• WHAT YOU SHOULD DO:
Would you restate each entry word for word, omitting the pictures?

++++ STORED DATA ++++

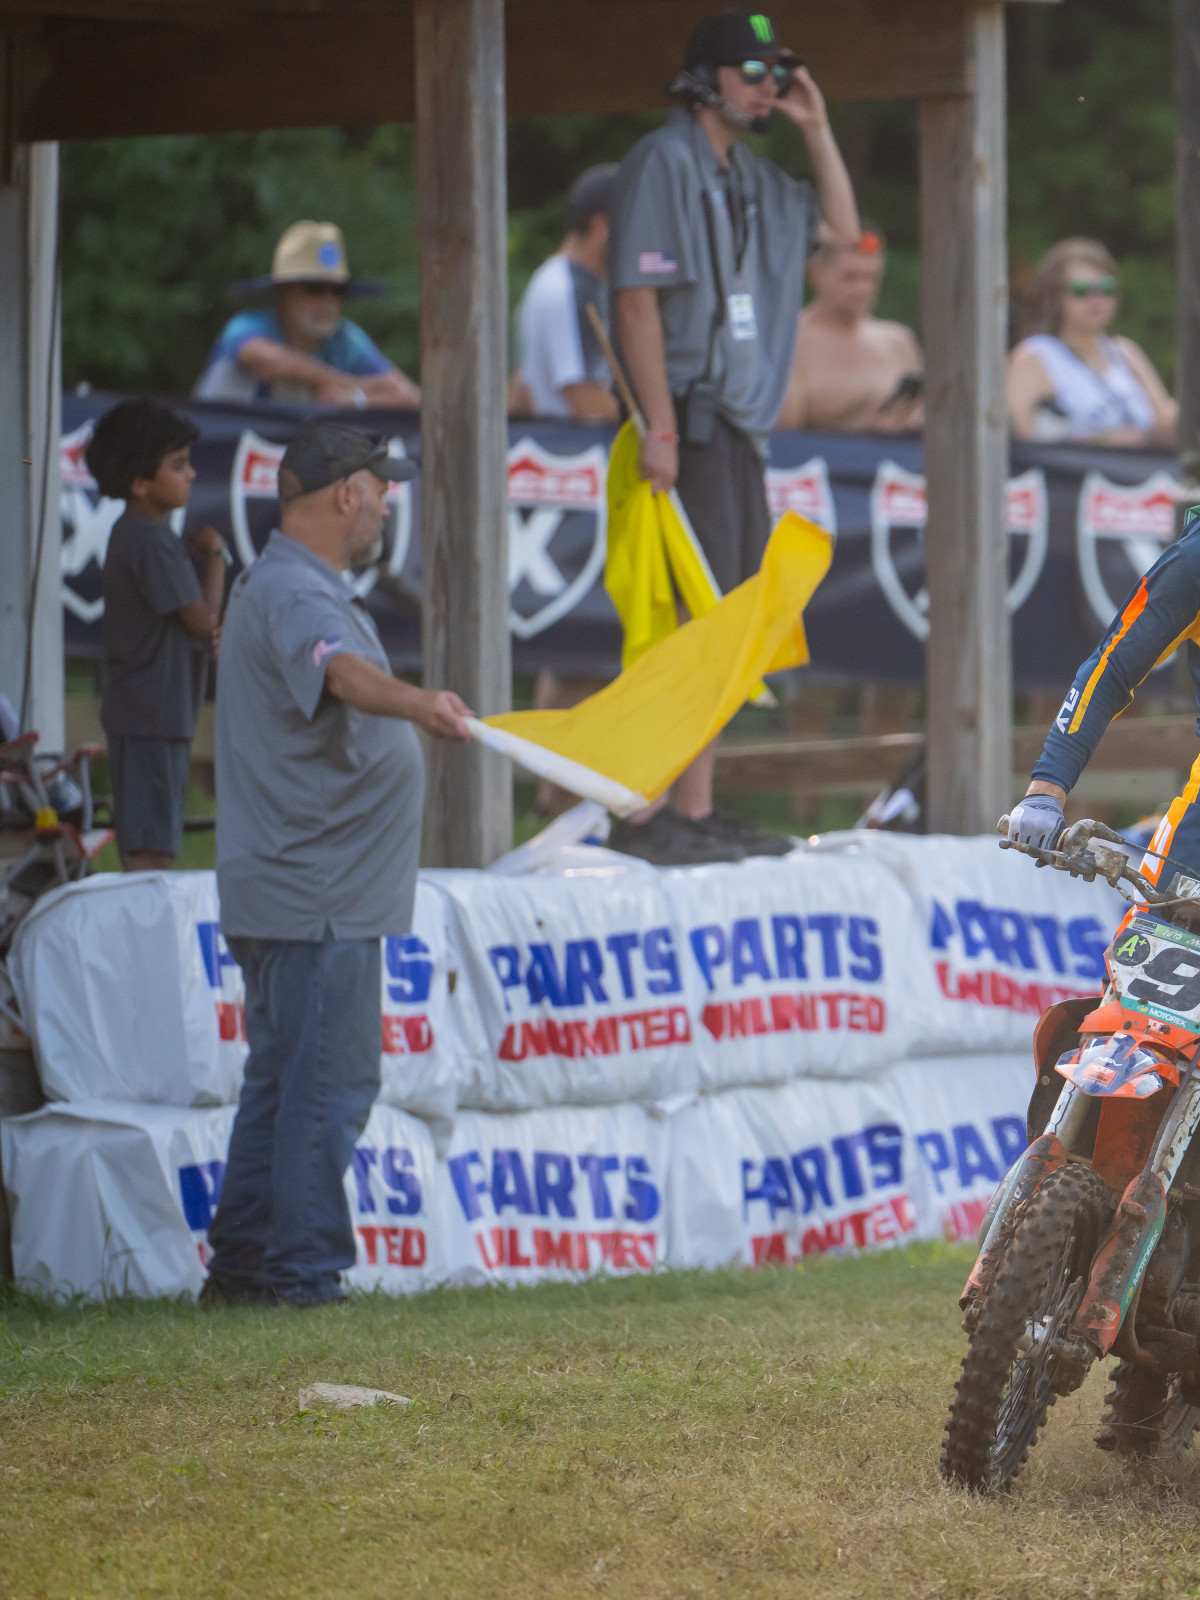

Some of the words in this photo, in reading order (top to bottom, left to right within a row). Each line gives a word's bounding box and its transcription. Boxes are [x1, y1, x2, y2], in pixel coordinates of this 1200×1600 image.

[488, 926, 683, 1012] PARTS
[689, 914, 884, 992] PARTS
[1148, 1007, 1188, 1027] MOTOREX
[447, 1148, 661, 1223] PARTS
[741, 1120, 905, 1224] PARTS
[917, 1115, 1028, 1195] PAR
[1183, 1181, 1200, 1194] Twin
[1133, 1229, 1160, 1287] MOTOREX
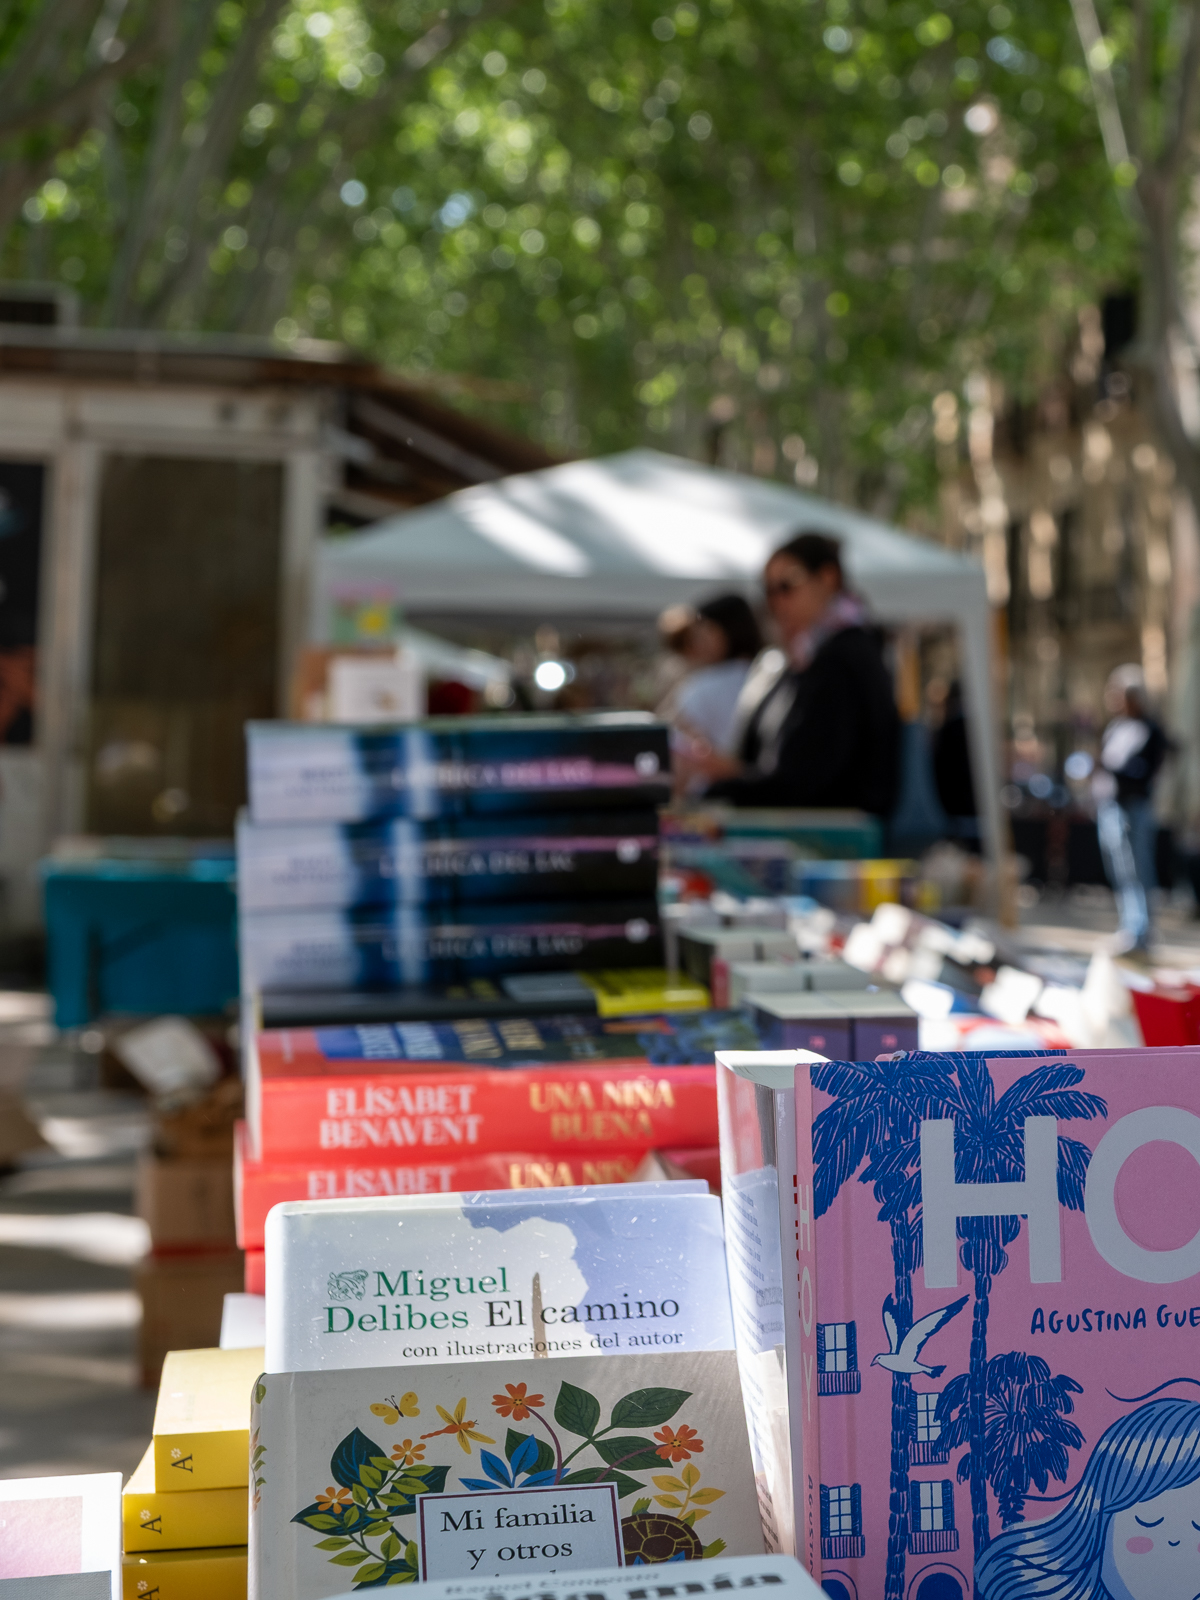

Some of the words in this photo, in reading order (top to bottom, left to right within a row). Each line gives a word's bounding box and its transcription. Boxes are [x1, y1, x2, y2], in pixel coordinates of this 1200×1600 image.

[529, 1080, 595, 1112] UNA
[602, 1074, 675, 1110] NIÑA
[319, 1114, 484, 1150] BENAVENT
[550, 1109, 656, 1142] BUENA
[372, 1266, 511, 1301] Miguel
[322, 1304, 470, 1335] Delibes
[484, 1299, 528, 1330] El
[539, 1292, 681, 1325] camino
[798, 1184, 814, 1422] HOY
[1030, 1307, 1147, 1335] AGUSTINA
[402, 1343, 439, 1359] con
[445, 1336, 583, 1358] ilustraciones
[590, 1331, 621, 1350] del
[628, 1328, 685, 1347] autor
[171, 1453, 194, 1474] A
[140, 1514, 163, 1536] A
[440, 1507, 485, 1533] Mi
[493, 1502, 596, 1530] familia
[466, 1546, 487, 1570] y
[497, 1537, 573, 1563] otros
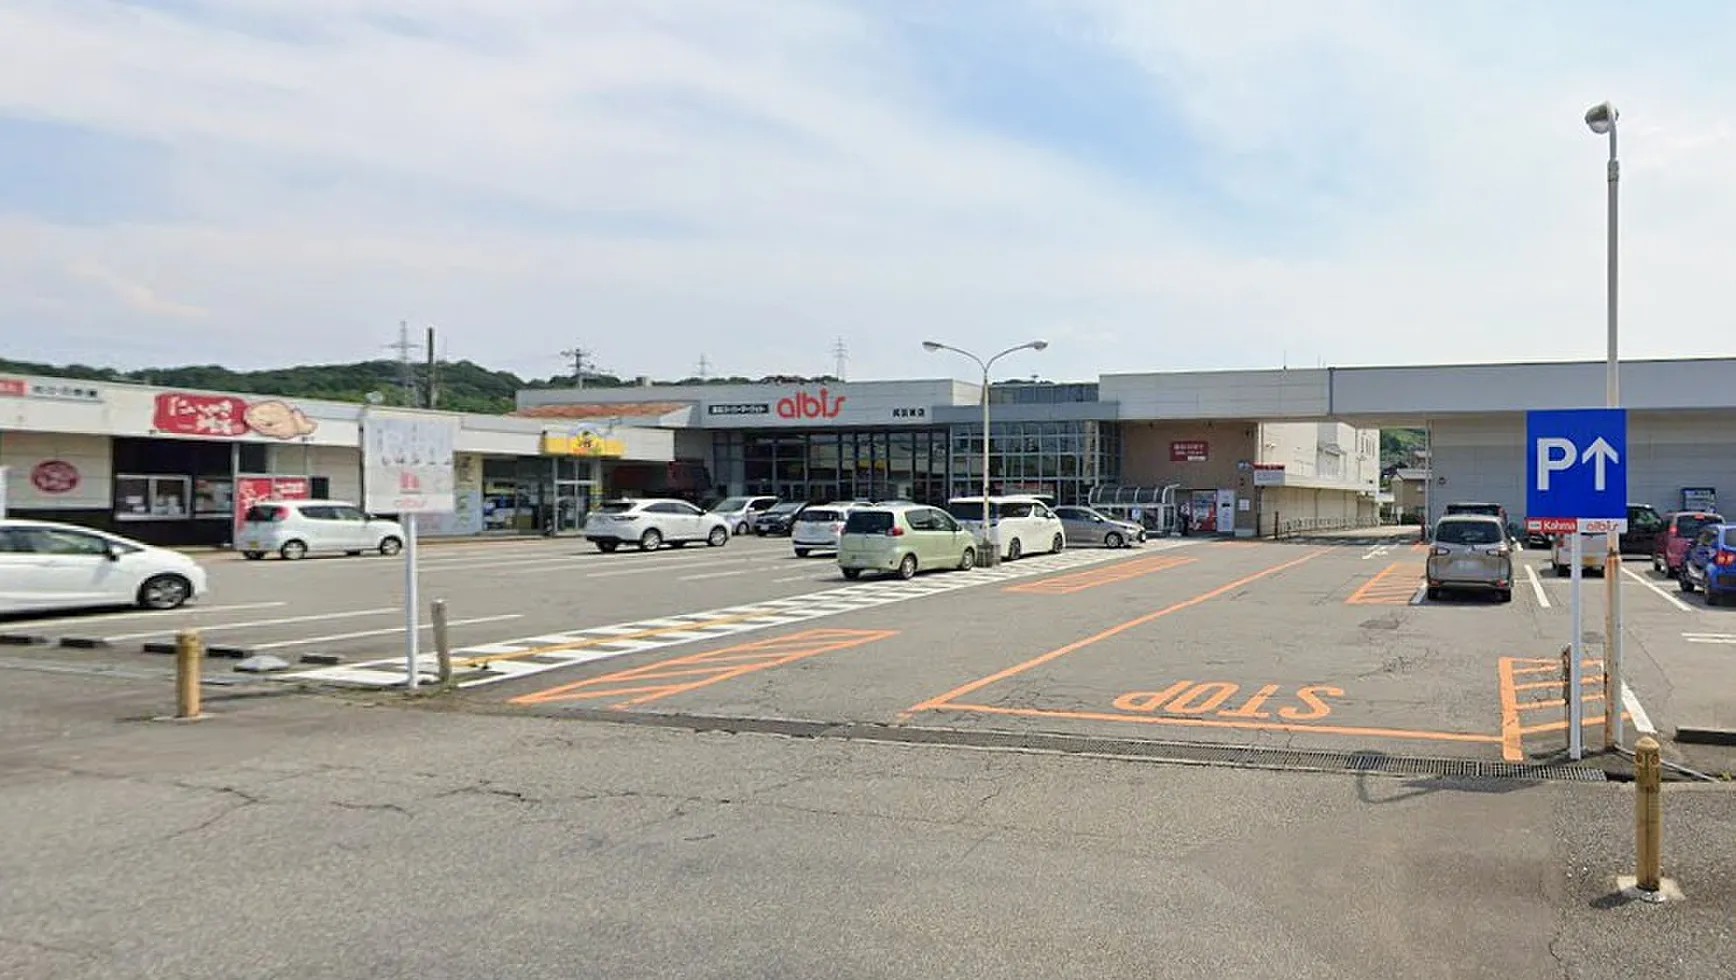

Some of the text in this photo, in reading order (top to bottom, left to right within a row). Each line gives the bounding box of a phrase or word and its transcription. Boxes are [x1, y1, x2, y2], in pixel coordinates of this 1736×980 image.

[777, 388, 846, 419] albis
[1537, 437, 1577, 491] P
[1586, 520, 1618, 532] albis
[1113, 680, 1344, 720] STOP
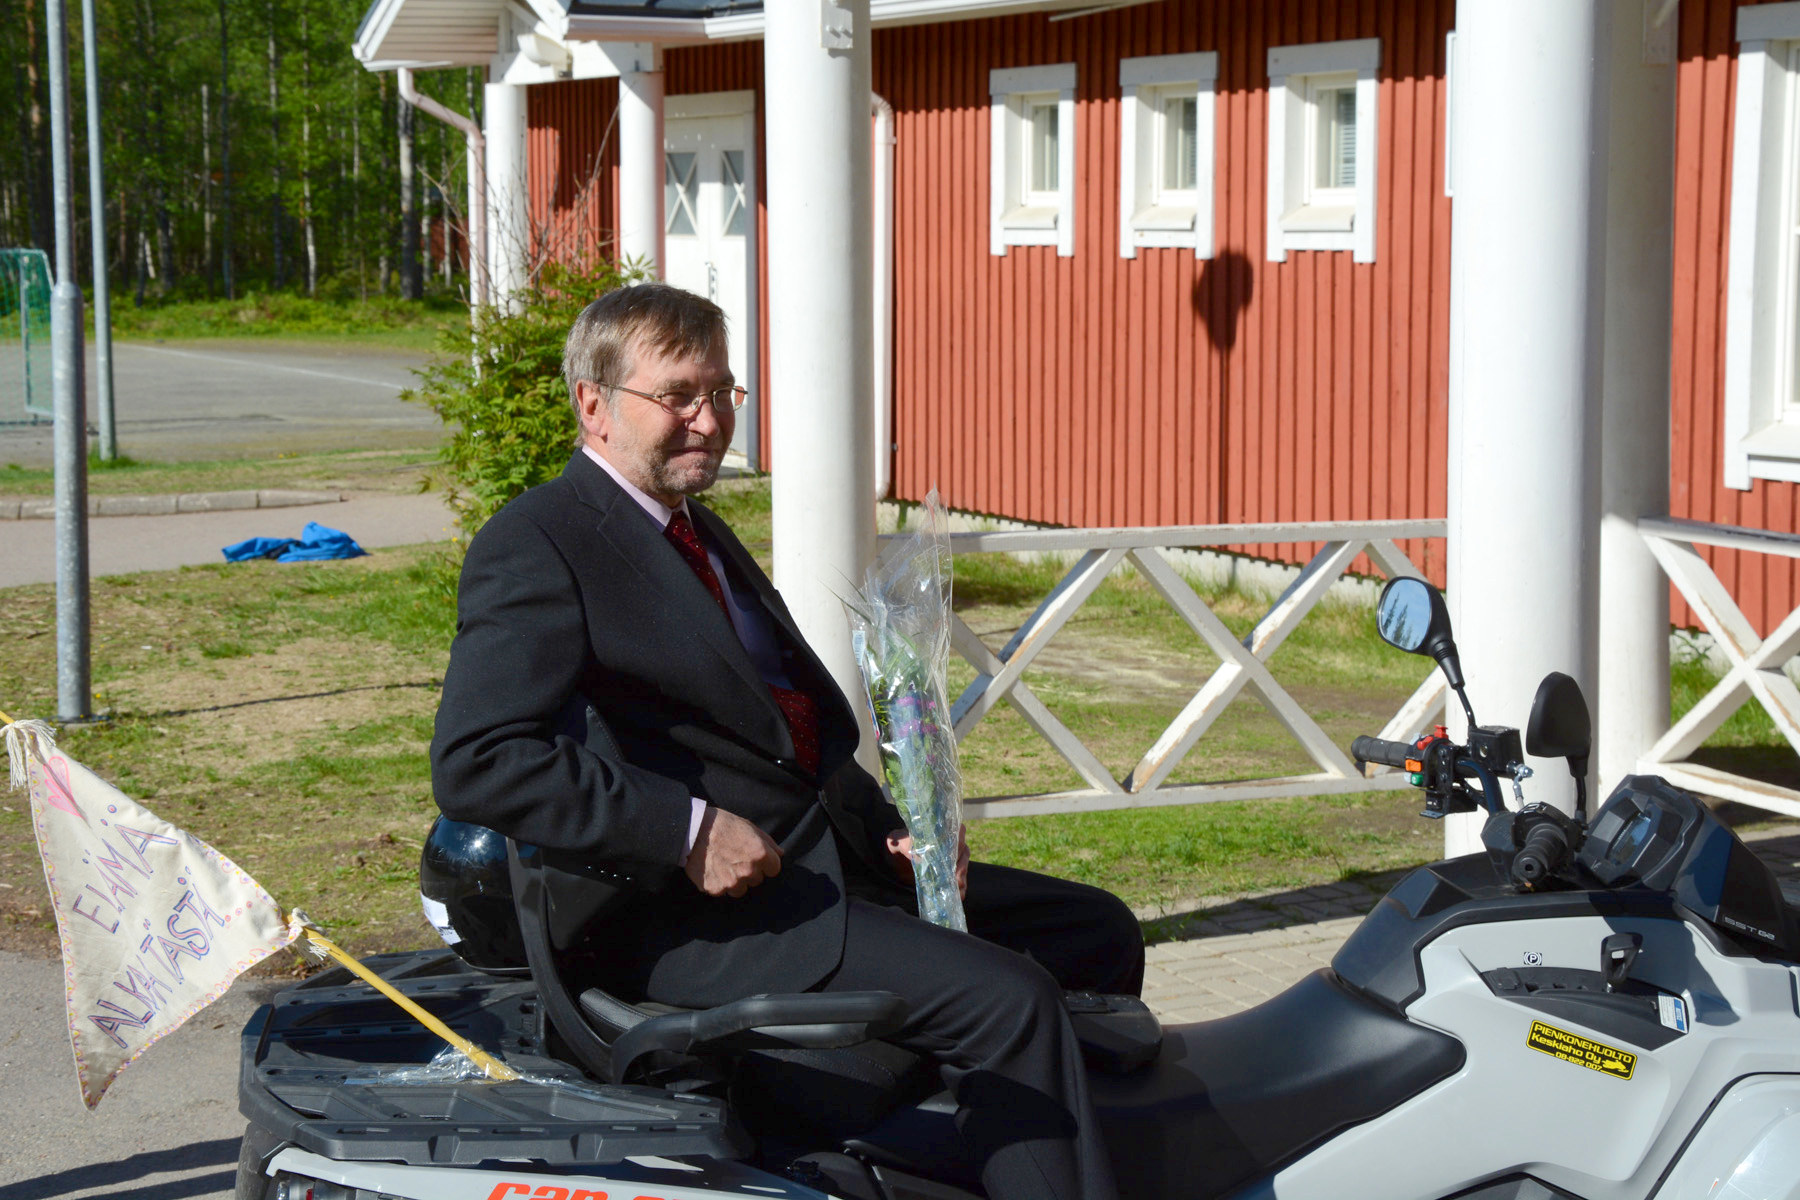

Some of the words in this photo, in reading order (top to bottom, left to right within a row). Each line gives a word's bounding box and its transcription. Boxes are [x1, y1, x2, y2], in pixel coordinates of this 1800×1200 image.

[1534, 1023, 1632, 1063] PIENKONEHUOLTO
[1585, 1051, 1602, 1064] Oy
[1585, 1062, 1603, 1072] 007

++++

• RESPONSE AREA:
Some of the words in this photo, in reading order (top to bottom, left to right within a row). Each line gives a word's bounding box and its transcription. Boxes are [x1, y1, x2, y2], in pixel coordinates of this 1200×1600 image.

[488, 926, 683, 1012] PARTS
[689, 914, 884, 992] PARTS
[1148, 1007, 1188, 1027] MOTOREX
[447, 1148, 661, 1223] PARTS
[741, 1120, 905, 1224] PARTS
[917, 1115, 1028, 1195] PAR
[1183, 1181, 1200, 1194] Twin
[1133, 1229, 1160, 1287] MOTOREX

Some of the words in this photo, in reading order (top to bottom, left to right within a row). Each line gives a word's bounding box and its transcription. Boxes are [x1, y1, x2, y2], in pixel coordinates of this 1200×1600 image.

[529, 1080, 595, 1112] UNA
[602, 1074, 675, 1110] NIÑA
[319, 1114, 484, 1150] BENAVENT
[550, 1109, 656, 1142] BUENA
[372, 1266, 511, 1301] Miguel
[322, 1304, 470, 1335] Delibes
[484, 1299, 528, 1330] El
[539, 1292, 681, 1325] camino
[798, 1184, 814, 1422] HOY
[1030, 1307, 1147, 1335] AGUSTINA
[402, 1343, 439, 1359] con
[445, 1336, 583, 1358] ilustraciones
[590, 1331, 621, 1350] del
[628, 1328, 685, 1347] autor
[171, 1453, 194, 1474] A
[140, 1514, 163, 1536] A
[440, 1507, 485, 1533] Mi
[493, 1502, 596, 1530] familia
[466, 1546, 487, 1570] y
[497, 1537, 573, 1563] otros

Some of the text in this photo, in reading order (top to bottom, left to right within a row). Each line gives the bounding box of a phrase or word and its transcription. Boxes are [x1, y1, x2, y2], in pixel coordinates of this 1736×980 image.

[777, 388, 846, 419] albis
[1537, 437, 1577, 491] P
[1586, 520, 1618, 532] albis
[1113, 680, 1344, 720] STOP

Some of the words in this photo, in reading order (top to bottom, left to right within a row). Each line gives a word's bounding box and its transcription. Boxes are [x1, y1, x2, y2], in pixel coordinates of this 1800×1200 image.

[1534, 1023, 1632, 1063] PIENKONEHUOLTO
[1585, 1051, 1602, 1064] Oy
[1585, 1062, 1603, 1072] 007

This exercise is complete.